### Phrase grounding data
--- START ---

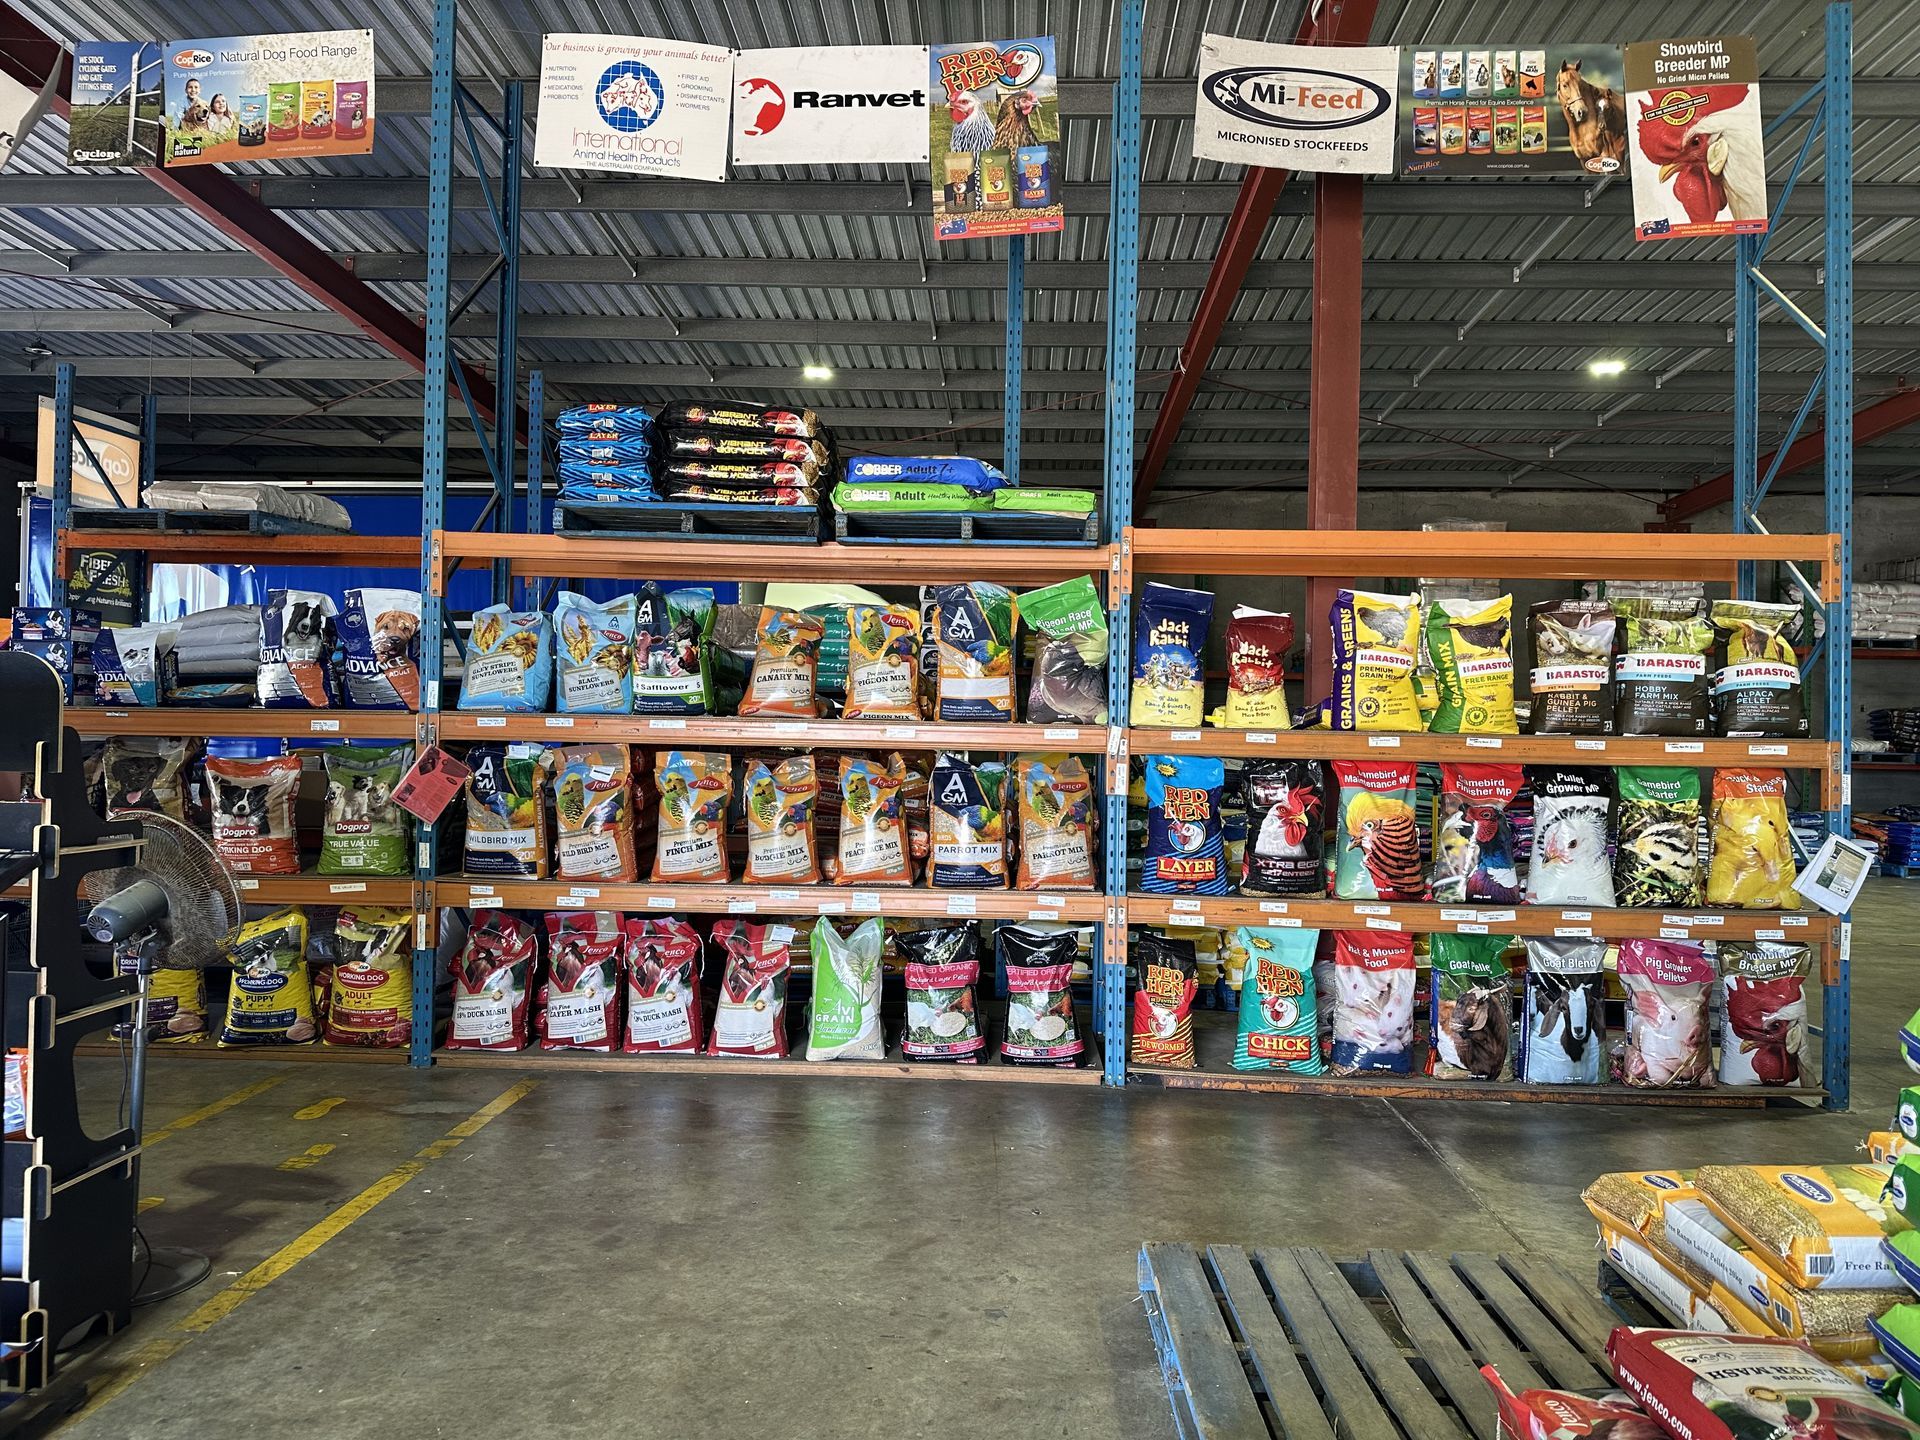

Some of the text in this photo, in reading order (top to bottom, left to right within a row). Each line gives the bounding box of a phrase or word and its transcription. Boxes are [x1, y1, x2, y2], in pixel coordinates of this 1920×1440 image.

[221, 46, 357, 62] Natural Dog Food Range
[563, 42, 595, 52] business
[597, 44, 604, 53] is
[606, 45, 640, 60] growing
[643, 48, 662, 60] your
[665, 49, 698, 60] animals
[1660, 40, 1722, 58] Showbird
[175, 53, 212, 66] CopRice
[939, 47, 998, 77] RED
[1654, 56, 1731, 74] Breeder MP
[1657, 72, 1730, 84] No Grind Micro Pellets
[681, 83, 713, 92] GROOMING
[680, 93, 725, 104] DISINFECTANTS
[793, 90, 925, 108] Ranvet
[1251, 82, 1363, 109] Mi-Feed
[679, 102, 710, 111] WORMERS
[572, 127, 683, 156] International
[1217, 130, 1368, 152] MICRONISED STOCKFEEDS
[73, 150, 121, 161] Cyclone
[573, 149, 681, 168] Animal Health Products
[1407, 160, 1440, 172] NutriRice
[1588, 160, 1617, 169] CopRice
[712, 410, 758, 421] VIBRANT
[854, 462, 955, 475] COBBER Adult 7+
[895, 491, 926, 500] Adult
[887, 616, 911, 629] Jenco
[1036, 610, 1092, 630] Pigeon Race
[1078, 620, 1092, 631] MP
[1157, 618, 1189, 633] Jack
[1360, 654, 1411, 666] BARASTOC
[1637, 659, 1700, 669] BARASTOC
[389, 668, 410, 678] ADULT
[471, 666, 518, 680] SUNFLOWERS
[1340, 608, 1355, 730] GRAINS & GREENS
[1438, 641, 1462, 708] GRAIN MIX
[1546, 670, 1606, 680] BARASTOC
[1736, 669, 1796, 679] BARASTOC
[98, 672, 148, 682] ADVANCE
[757, 673, 810, 683] CANARY MIX
[858, 675, 907, 686] PIGEON MIX
[1465, 674, 1508, 684] FREE RANGE
[568, 679, 614, 693] SUNFLOWERS
[641, 683, 689, 691] Safflower
[1556, 772, 1584, 785] Pullet
[592, 780, 617, 790] Jenco
[1456, 781, 1512, 796] Finisher MP
[1547, 784, 1600, 794] Grower MP
[1165, 785, 1208, 804] RED
[1164, 802, 1210, 821] HEN
[222, 828, 256, 837] Dogpro
[336, 823, 369, 832] Dogpro
[350, 839, 379, 848] VALUE
[469, 836, 507, 844] WILDBIRD
[885, 841, 898, 850] MIX
[252, 845, 272, 853] DOG
[577, 847, 593, 856] BIRD
[666, 840, 713, 856] FINCH MIX
[788, 847, 804, 856] MIX
[1160, 859, 1215, 872] LAYER
[1363, 947, 1370, 957] &
[754, 958, 777, 968] Jenco
[938, 963, 973, 973] ORGANIC
[1258, 957, 1300, 978] RED
[1365, 958, 1388, 967] Food
[1450, 960, 1470, 969] Goat
[1543, 957, 1596, 968] Goat Blend
[1645, 957, 1692, 973] Pig Grower
[1780, 958, 1797, 969] MP
[1148, 965, 1184, 982] RED
[1657, 970, 1687, 982] Pellets
[1146, 979, 1184, 996] HEN
[1256, 975, 1304, 996] HEN
[574, 1005, 601, 1014] MASH
[644, 1008, 682, 1021] DUCK MASH
[816, 1014, 854, 1023] GRAIN
[1142, 1040, 1184, 1051] DEWORMER
[1251, 1036, 1309, 1051] CHICK
[1676, 1227, 1692, 1244] Range
[1693, 1240, 1710, 1256] Layer
[1710, 1250, 1728, 1270] Pellets
[1844, 1261, 1871, 1271] Free
[1706, 1366, 1842, 1380] LAYER MASH
[1545, 1400, 1588, 1429] Jenco
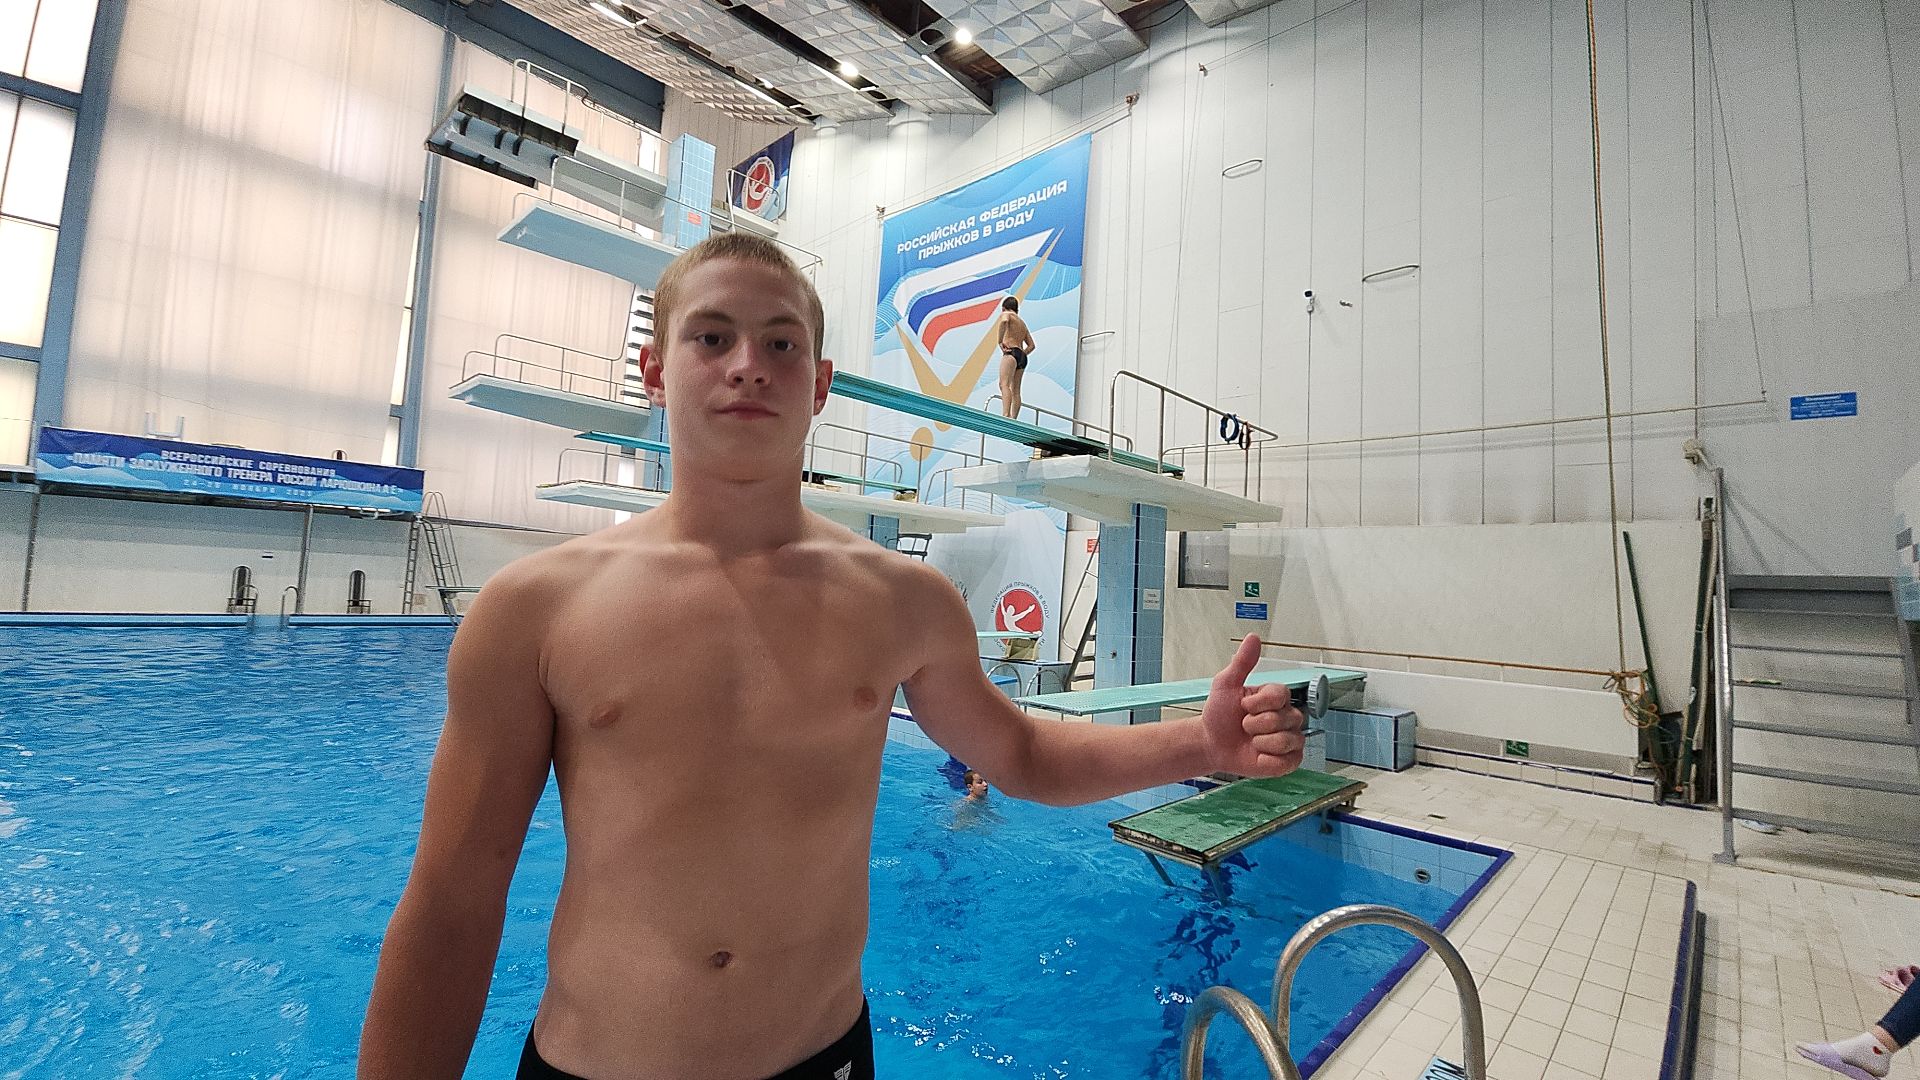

--- END ---

### What you are asked to do
Reproduce the entries exactly. Do not carry over any picture.

### Solution to the problem
Some of the text in this photo, in reading order (top to bottom, left to right within a row). Each line gives the bounding box of a phrase or word and its transcription. Boxes are [x1, y1, x2, y2], in pixel coordinates of this 1920×1440 image.

[221, 46, 357, 62] Natural Dog Food Range
[563, 42, 595, 52] business
[597, 44, 604, 53] is
[606, 45, 640, 60] growing
[643, 48, 662, 60] your
[665, 49, 698, 60] animals
[1660, 40, 1722, 58] Showbird
[175, 53, 212, 66] CopRice
[939, 47, 998, 77] RED
[1654, 56, 1731, 74] Breeder MP
[1657, 72, 1730, 84] No Grind Micro Pellets
[681, 83, 713, 92] GROOMING
[680, 93, 725, 104] DISINFECTANTS
[793, 90, 925, 108] Ranvet
[1251, 82, 1363, 109] Mi-Feed
[679, 102, 710, 111] WORMERS
[572, 127, 683, 156] International
[1217, 130, 1368, 152] MICRONISED STOCKFEEDS
[73, 150, 121, 161] Cyclone
[573, 149, 681, 168] Animal Health Products
[1407, 160, 1440, 172] NutriRice
[1588, 160, 1617, 169] CopRice
[712, 410, 758, 421] VIBRANT
[854, 462, 955, 475] COBBER Adult 7+
[895, 491, 926, 500] Adult
[887, 616, 911, 629] Jenco
[1036, 610, 1092, 630] Pigeon Race
[1078, 620, 1092, 631] MP
[1157, 618, 1189, 633] Jack
[1360, 654, 1411, 666] BARASTOC
[1637, 659, 1700, 669] BARASTOC
[389, 668, 410, 678] ADULT
[471, 666, 518, 680] SUNFLOWERS
[1340, 608, 1355, 730] GRAINS & GREENS
[1438, 641, 1462, 708] GRAIN MIX
[1546, 670, 1606, 680] BARASTOC
[1736, 669, 1796, 679] BARASTOC
[98, 672, 148, 682] ADVANCE
[757, 673, 810, 683] CANARY MIX
[858, 675, 907, 686] PIGEON MIX
[1465, 674, 1508, 684] FREE RANGE
[568, 679, 614, 693] SUNFLOWERS
[641, 683, 689, 691] Safflower
[1556, 772, 1584, 785] Pullet
[592, 780, 617, 790] Jenco
[1456, 781, 1512, 796] Finisher MP
[1547, 784, 1600, 794] Grower MP
[1165, 785, 1208, 804] RED
[1164, 802, 1210, 821] HEN
[222, 828, 256, 837] Dogpro
[336, 823, 369, 832] Dogpro
[350, 839, 379, 848] VALUE
[469, 836, 507, 844] WILDBIRD
[885, 841, 898, 850] MIX
[252, 845, 272, 853] DOG
[577, 847, 593, 856] BIRD
[666, 840, 713, 856] FINCH MIX
[788, 847, 804, 856] MIX
[1160, 859, 1215, 872] LAYER
[1363, 947, 1370, 957] &
[754, 958, 777, 968] Jenco
[938, 963, 973, 973] ORGANIC
[1258, 957, 1300, 978] RED
[1365, 958, 1388, 967] Food
[1450, 960, 1470, 969] Goat
[1543, 957, 1596, 968] Goat Blend
[1645, 957, 1692, 973] Pig Grower
[1780, 958, 1797, 969] MP
[1148, 965, 1184, 982] RED
[1657, 970, 1687, 982] Pellets
[1146, 979, 1184, 996] HEN
[1256, 975, 1304, 996] HEN
[574, 1005, 601, 1014] MASH
[644, 1008, 682, 1021] DUCK MASH
[816, 1014, 854, 1023] GRAIN
[1142, 1040, 1184, 1051] DEWORMER
[1251, 1036, 1309, 1051] CHICK
[1676, 1227, 1692, 1244] Range
[1693, 1240, 1710, 1256] Layer
[1710, 1250, 1728, 1270] Pellets
[1844, 1261, 1871, 1271] Free
[1706, 1366, 1842, 1380] LAYER MASH
[1545, 1400, 1588, 1429] Jenco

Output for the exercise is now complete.